Expected Output: [5, 5]

Explanation: Duplicate minimum.

Hints

  1. Maintain a parallel stack of minimum values.

MaxStack Operations

Simulate push, pop, top, peekMax, and popMax; popMax removes the most recently pushed maximum on ties.

Constraints

  • For this grader, a list implementation is acceptable

Examples

Input: ((('push', 5), ('push', 1), ('push', 5), ('top',), ('popMax',), ('top',), ('peekMax',), ('pop',), ('top',)),)

Expected Output: [5, 5, 1, 5, 1, 5]

Explanation: Standard MaxStack behavior.

Input: ((('popMax',), ('push', 2), ('peekMax',)),)

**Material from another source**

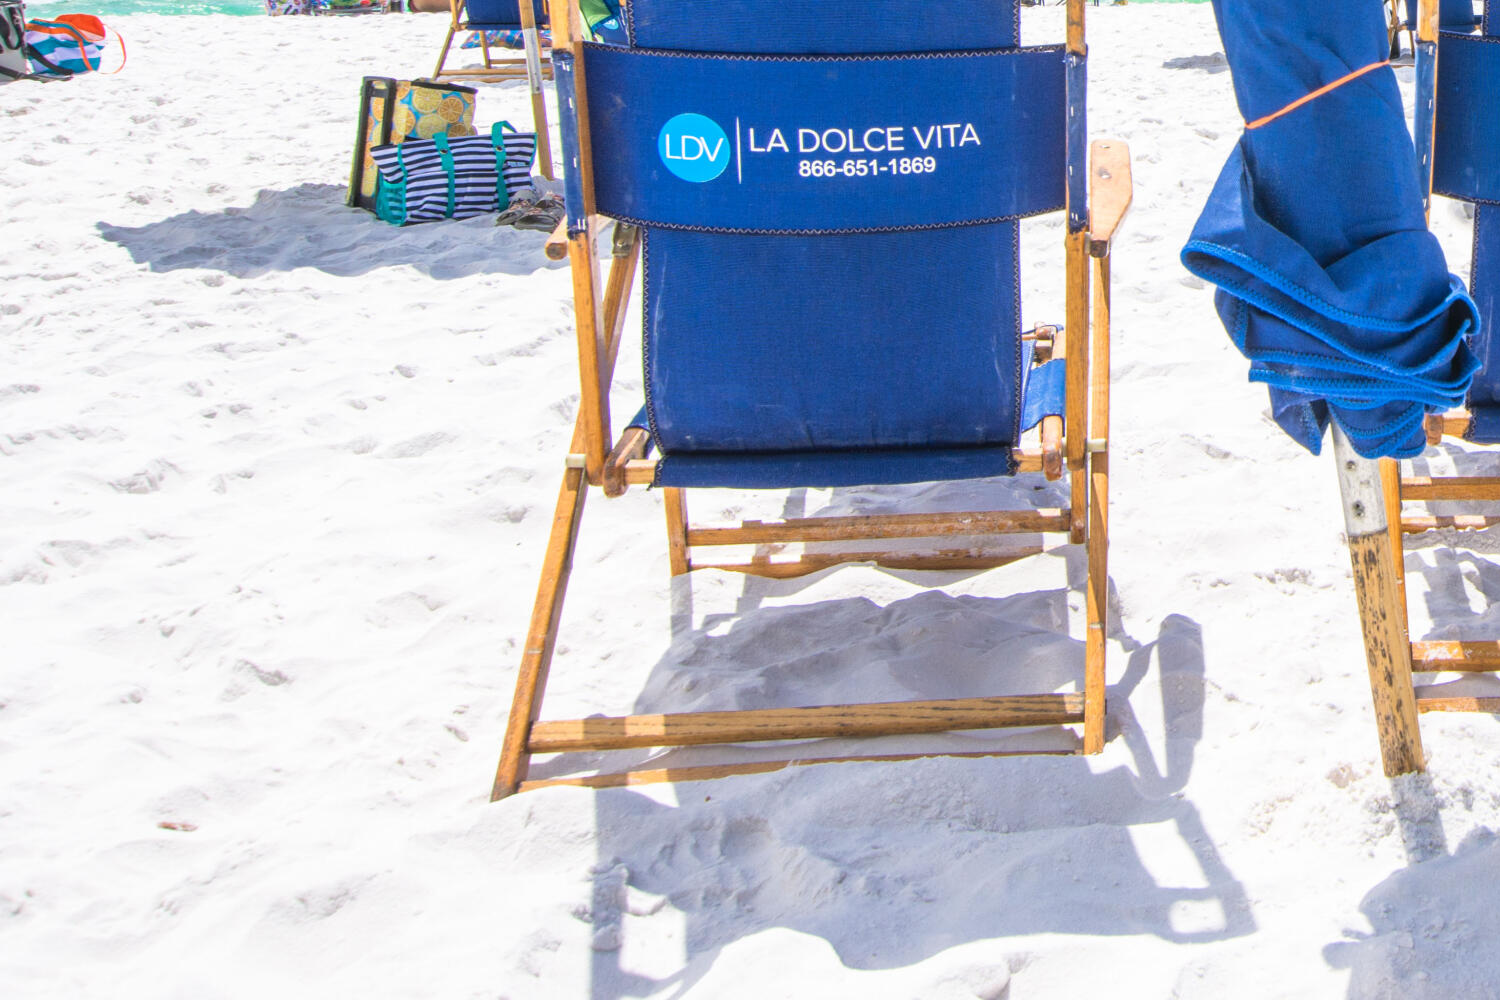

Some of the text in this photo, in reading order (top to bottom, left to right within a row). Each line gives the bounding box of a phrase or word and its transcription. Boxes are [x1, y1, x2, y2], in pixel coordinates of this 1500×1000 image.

[665, 132, 724, 163] LDV
[748, 122, 982, 153] LA DOLCE VITA
[798, 156, 937, 177] 866-651-1869

Expected Output: [None, 2]

Explanation: Empty popMax returns None.

Input: ((('push', 3), ('push', 3), ('popMax',), ('pop',)),)

Expected Output: [3, 3]

Explanation: Tie removes the topmost maximum.

Hints

  1. Track the stack order; popMax scans from the top for the maximum.

Median of a Data Stream

Return the running median after each inserted number.

Constraints

  • nums may contain duplicates and negatives

Examples

Input: ([1, 2, 3],)

Expected Output: [1.0, 1.5, 2.0]

Explanation: Increasing stream.

Input: ([5, 15, 1, 3],)

Expected Output: [5.0, 10.0, 5.0, 4.0]

Explanation: Even and odd counts.

Input: ([-1, -2, -3],)

Expected Output: [-1.0, -1.5, -2.0]

Explanation: Negative numbers.

Input: ([],)

Expected Output: []

Explanation: Empty stream.

Hints

  1. Keep a max-heap for the lower half and a min-heap for the upper half.

Upward Path Sum in a Binary Tree

Given a level-order binary tree, return whether any ancestor-chain path sums to target.

Constraints

  • level_order uses None for missing nodes

Examples

Input: ([1, 2, 3, 4, 5], 7)

Expected Output: True

Explanation: Path 2 -> 5 upward has sum 7.

Input: ([1, -2, 3, None, 4], 2)

Expected Output: True

Explanation: Path -2 -> 4 has sum 2.

Input: ([5], 5)

Expected Output: True

Explanation: Single node path.

Input: ([], 1)

Expected Output: False

Explanation: Empty tree.

Hints

  1. An upward path is the reverse of a suffix of the current root-to-node path.